Dataset entries:
▼

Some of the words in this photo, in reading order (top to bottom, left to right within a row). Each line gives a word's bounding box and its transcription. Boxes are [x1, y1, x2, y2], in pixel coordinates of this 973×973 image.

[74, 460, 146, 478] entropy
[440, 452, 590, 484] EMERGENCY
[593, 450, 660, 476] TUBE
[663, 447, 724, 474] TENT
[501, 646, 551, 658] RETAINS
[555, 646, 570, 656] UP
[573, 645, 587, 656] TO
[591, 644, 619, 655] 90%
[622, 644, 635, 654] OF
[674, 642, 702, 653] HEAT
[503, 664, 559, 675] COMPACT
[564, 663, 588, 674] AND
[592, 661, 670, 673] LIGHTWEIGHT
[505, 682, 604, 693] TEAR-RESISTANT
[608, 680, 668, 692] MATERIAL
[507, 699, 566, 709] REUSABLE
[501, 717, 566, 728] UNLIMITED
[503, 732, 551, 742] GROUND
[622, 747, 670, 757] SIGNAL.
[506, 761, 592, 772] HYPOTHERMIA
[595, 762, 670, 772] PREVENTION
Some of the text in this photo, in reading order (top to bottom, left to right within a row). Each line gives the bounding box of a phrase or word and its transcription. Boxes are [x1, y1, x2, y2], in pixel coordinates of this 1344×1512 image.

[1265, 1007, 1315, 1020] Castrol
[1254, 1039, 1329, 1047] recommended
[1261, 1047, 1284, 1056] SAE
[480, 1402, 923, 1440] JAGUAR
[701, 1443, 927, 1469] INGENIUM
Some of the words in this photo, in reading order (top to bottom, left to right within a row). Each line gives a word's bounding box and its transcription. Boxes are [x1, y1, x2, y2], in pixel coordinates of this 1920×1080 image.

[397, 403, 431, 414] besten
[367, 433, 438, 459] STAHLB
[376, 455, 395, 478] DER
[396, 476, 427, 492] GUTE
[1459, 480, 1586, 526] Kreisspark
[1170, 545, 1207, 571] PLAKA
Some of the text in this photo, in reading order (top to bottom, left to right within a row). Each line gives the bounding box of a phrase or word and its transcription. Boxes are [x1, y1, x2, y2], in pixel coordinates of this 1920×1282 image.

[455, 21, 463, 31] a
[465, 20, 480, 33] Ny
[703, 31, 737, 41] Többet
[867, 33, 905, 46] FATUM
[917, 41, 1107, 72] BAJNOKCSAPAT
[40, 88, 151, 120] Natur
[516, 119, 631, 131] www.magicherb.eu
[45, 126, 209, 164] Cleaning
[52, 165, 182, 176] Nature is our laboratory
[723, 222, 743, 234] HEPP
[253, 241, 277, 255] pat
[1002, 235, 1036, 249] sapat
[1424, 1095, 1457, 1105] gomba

▲

Copy every record above exactly as it is.

Some of the words in this photo, in reading order (top to bottom, left to right within a row). Each line gives a word's bounding box and its transcription. Boxes are [x1, y1, x2, y2], in pixel coordinates of this 973×973 image.

[74, 460, 146, 478] entropy
[440, 452, 590, 484] EMERGENCY
[593, 450, 660, 476] TUBE
[663, 447, 724, 474] TENT
[501, 646, 551, 658] RETAINS
[555, 646, 570, 656] UP
[573, 645, 587, 656] TO
[591, 644, 619, 655] 90%
[622, 644, 635, 654] OF
[674, 642, 702, 653] HEAT
[503, 664, 559, 675] COMPACT
[564, 663, 588, 674] AND
[592, 661, 670, 673] LIGHTWEIGHT
[505, 682, 604, 693] TEAR-RESISTANT
[608, 680, 668, 692] MATERIAL
[507, 699, 566, 709] REUSABLE
[501, 717, 566, 728] UNLIMITED
[503, 732, 551, 742] GROUND
[622, 747, 670, 757] SIGNAL.
[506, 761, 592, 772] HYPOTHERMIA
[595, 762, 670, 772] PREVENTION
Some of the text in this photo, in reading order (top to bottom, left to right within a row). Each line gives the bounding box of a phrase or word and its transcription. Boxes are [x1, y1, x2, y2], in pixel coordinates of this 1344×1512 image.

[1265, 1007, 1315, 1020] Castrol
[1254, 1039, 1329, 1047] recommended
[1261, 1047, 1284, 1056] SAE
[480, 1402, 923, 1440] JAGUAR
[701, 1443, 927, 1469] INGENIUM
Some of the words in this photo, in reading order (top to bottom, left to right within a row). Each line gives a word's bounding box and its transcription. Boxes are [x1, y1, x2, y2], in pixel coordinates of this 1920×1080 image.

[397, 403, 431, 414] besten
[367, 433, 438, 459] STAHLB
[376, 455, 395, 478] DER
[396, 476, 427, 492] GUTE
[1459, 480, 1586, 526] Kreisspark
[1170, 545, 1207, 571] PLAKA
Some of the text in this photo, in reading order (top to bottom, left to right within a row). Each line gives the bounding box of a phrase or word and its transcription. Boxes are [x1, y1, x2, y2], in pixel coordinates of this 1920×1282 image.

[455, 21, 463, 31] a
[465, 20, 480, 33] Ny
[703, 31, 737, 41] Többet
[867, 33, 905, 46] FATUM
[917, 41, 1107, 72] BAJNOKCSAPAT
[40, 88, 151, 120] Natur
[516, 119, 631, 131] www.magicherb.eu
[45, 126, 209, 164] Cleaning
[52, 165, 182, 176] Nature is our laboratory
[723, 222, 743, 234] HEPP
[253, 241, 277, 255] pat
[1002, 235, 1036, 249] sapat
[1424, 1095, 1457, 1105] gomba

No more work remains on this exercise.